Dans le même temps, il faut saluer le développement, dès 1959, de modes de rémunération collective directement liés aux résultats de l’entreprise (tel que l’intéressement) ou, à partir de 1967, en lien avec l’investissement des collaborateurs pour atteindre des objectifs semi-collectifs (telle que la fameuse « participation des salariés aux fruits de l’expansion des entreprises »). Là encore, il s’agissait, outre le fait de permettre un mode de rémunération différée ayant pour but de soutenir l’économie de l’entreprise, d’inciter les salariés à fournir le meilleur d’eux-mêmes sur le plan professionnel. Leur déploiement a été d’autant plus rapide qu’il s’est accompagné d’un régime social et fiscal de faveur.

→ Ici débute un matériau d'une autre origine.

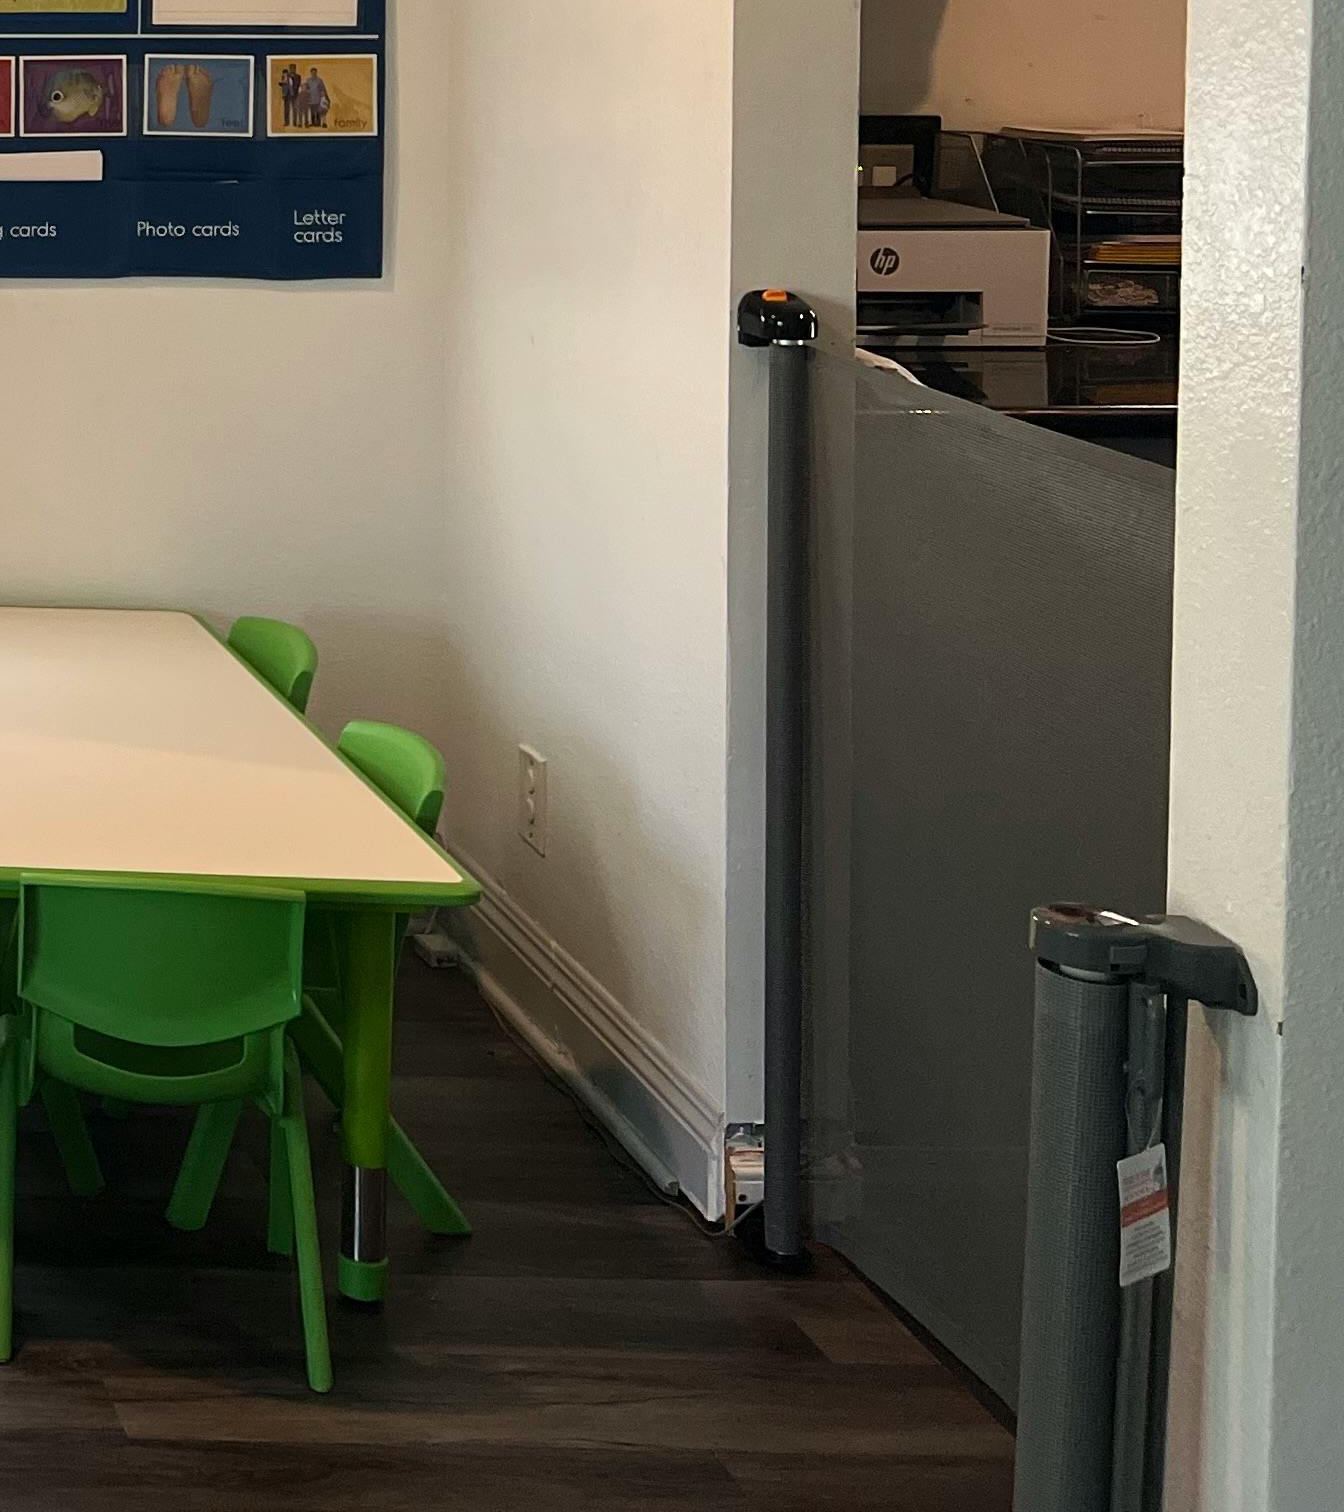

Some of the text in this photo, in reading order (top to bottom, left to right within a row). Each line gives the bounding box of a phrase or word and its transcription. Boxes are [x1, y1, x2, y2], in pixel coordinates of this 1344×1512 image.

Mais comment être sûr que ces modalités de fixation des rémunérations n’ont pas un effet contre-productif ? Ainsi, les grilles des salaires ne fixent-elles pas plutôt un « prix du marché » en la matière ? Comment ne pas être sûr qu’elles n’ont pas pour effet de démobiliser les salariés en les invitant simplement à revendiquer le bénéfice d’un « salaire minimum conventionnel » et ce, quelle que soit la qualité du travail réellement fournie par eux ? À moins, qu’à l’inverse, ces grilles aient un effet incitatif en faisant clairement apparaître une possibilité d’évolution de la rémunération, en fonction de la carrière poursuivie dans l’entreprise, laquelle est (en principe) fonction de l’investissement et des qualités professionnelles démontrés par l’intéressé.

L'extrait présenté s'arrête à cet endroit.